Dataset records
::::::

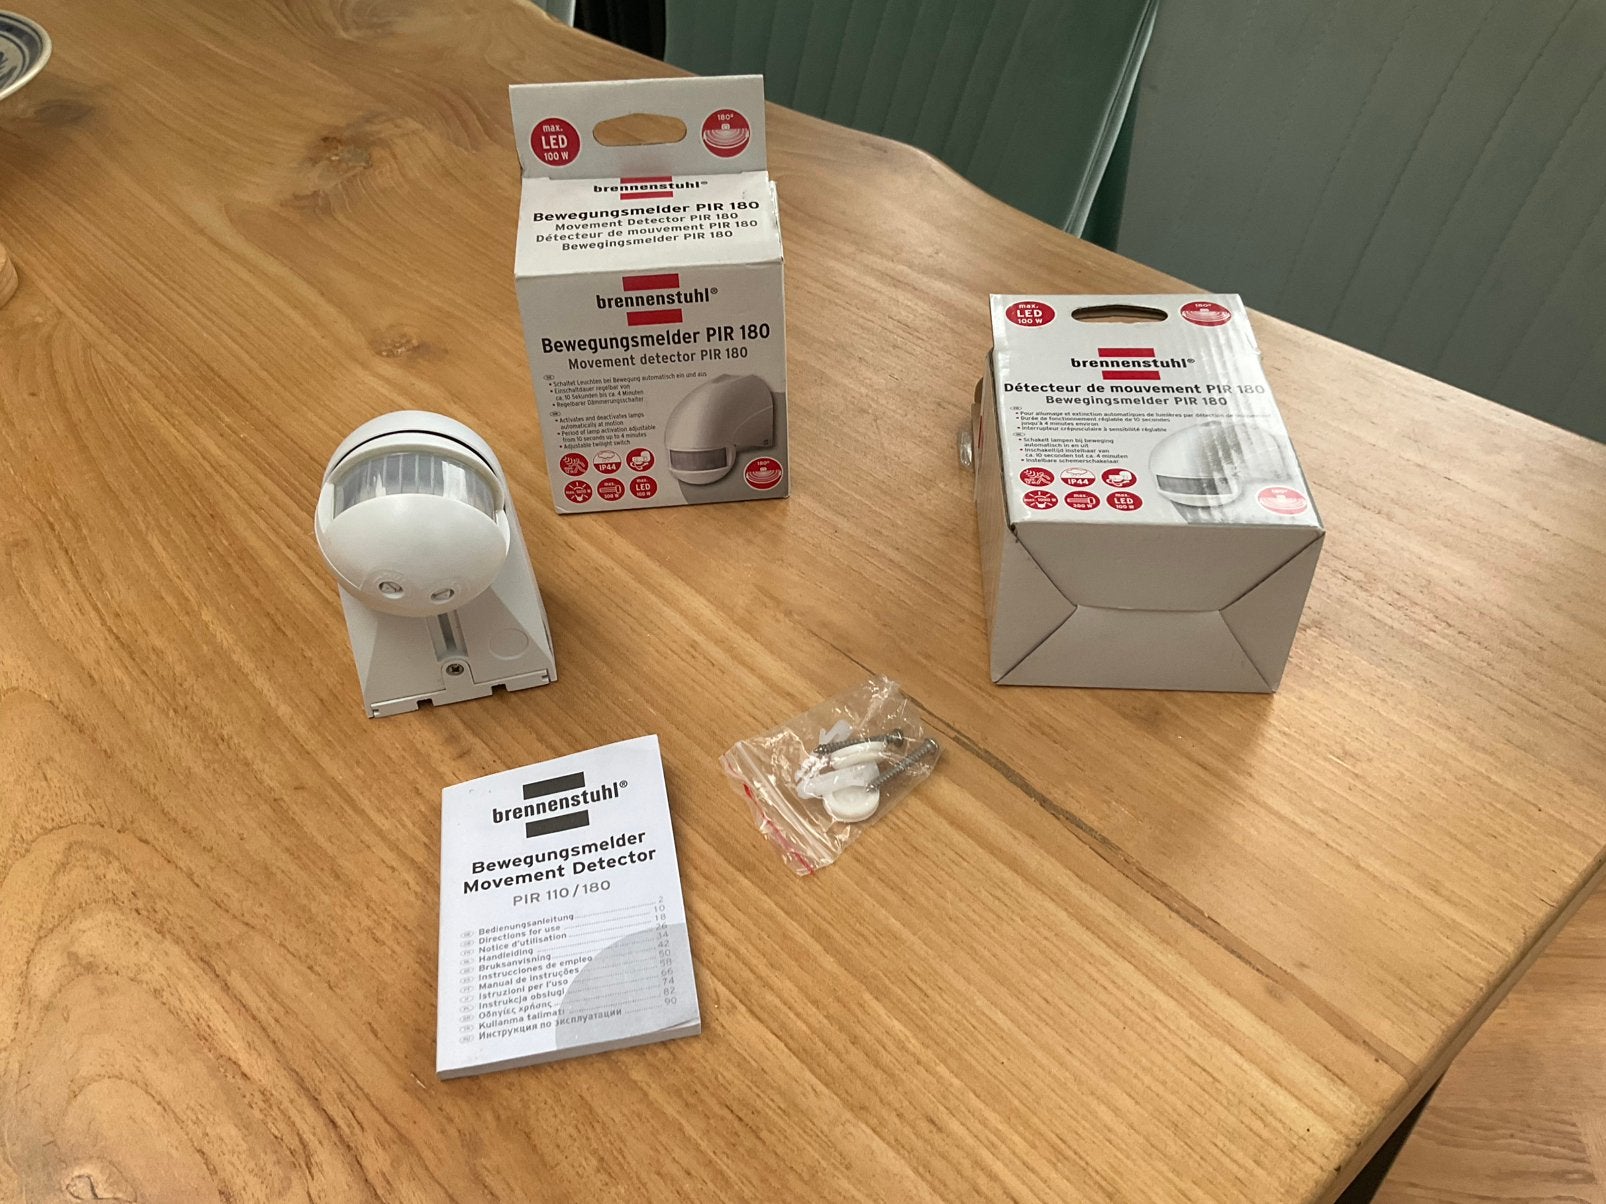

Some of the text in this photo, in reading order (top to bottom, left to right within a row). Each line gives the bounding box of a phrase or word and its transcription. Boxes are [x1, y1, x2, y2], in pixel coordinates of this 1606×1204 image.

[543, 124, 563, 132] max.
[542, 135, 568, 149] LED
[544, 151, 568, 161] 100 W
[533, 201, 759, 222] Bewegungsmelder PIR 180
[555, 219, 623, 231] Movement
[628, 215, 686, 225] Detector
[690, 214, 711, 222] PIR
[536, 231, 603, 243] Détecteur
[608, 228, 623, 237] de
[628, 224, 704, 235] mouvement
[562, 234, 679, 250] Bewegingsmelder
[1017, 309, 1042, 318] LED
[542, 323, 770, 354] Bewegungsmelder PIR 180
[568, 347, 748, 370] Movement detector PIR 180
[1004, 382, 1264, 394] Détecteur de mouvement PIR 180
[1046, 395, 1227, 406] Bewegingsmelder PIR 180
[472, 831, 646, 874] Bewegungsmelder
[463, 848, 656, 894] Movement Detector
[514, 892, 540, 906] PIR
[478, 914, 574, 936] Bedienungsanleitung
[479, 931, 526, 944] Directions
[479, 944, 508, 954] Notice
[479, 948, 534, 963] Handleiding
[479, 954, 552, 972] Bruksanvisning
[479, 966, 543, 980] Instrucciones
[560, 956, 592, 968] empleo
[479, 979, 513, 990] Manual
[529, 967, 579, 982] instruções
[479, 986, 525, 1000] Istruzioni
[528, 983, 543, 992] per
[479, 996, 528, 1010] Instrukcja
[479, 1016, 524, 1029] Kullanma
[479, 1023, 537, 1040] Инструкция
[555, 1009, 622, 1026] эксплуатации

::::::

Problem to solve:
Set down every line above exactly, pictures excluded.

Exercise answer:
Some of the text in this photo, in reading order (top to bottom, left to right within a row). Each line gives the bounding box of a phrase or word and its transcription. Boxes are [x1, y1, x2, y2], in pixel coordinates of this 1606×1204 image.

[543, 124, 563, 132] max.
[542, 135, 568, 149] LED
[544, 151, 568, 161] 100 W
[533, 201, 759, 222] Bewegungsmelder PIR 180
[555, 219, 623, 231] Movement
[628, 215, 686, 225] Detector
[690, 214, 711, 222] PIR
[536, 231, 603, 243] Détecteur
[608, 228, 623, 237] de
[628, 224, 704, 235] mouvement
[562, 234, 679, 250] Bewegingsmelder
[1017, 309, 1042, 318] LED
[542, 323, 770, 354] Bewegungsmelder PIR 180
[568, 347, 748, 370] Movement detector PIR 180
[1004, 382, 1264, 394] Détecteur de mouvement PIR 180
[1046, 395, 1227, 406] Bewegingsmelder PIR 180
[472, 831, 646, 874] Bewegungsmelder
[463, 848, 656, 894] Movement Detector
[514, 892, 540, 906] PIR
[478, 914, 574, 936] Bedienungsanleitung
[479, 931, 526, 944] Directions
[479, 944, 508, 954] Notice
[479, 948, 534, 963] Handleiding
[479, 954, 552, 972] Bruksanvisning
[479, 966, 543, 980] Instrucciones
[560, 956, 592, 968] empleo
[479, 979, 513, 990] Manual
[529, 967, 579, 982] instruções
[479, 986, 525, 1000] Istruzioni
[528, 983, 543, 992] per
[479, 996, 528, 1010] Instrukcja
[479, 1016, 524, 1029] Kullanma
[479, 1023, 537, 1040] Инструкция
[555, 1009, 622, 1026] эксплуатации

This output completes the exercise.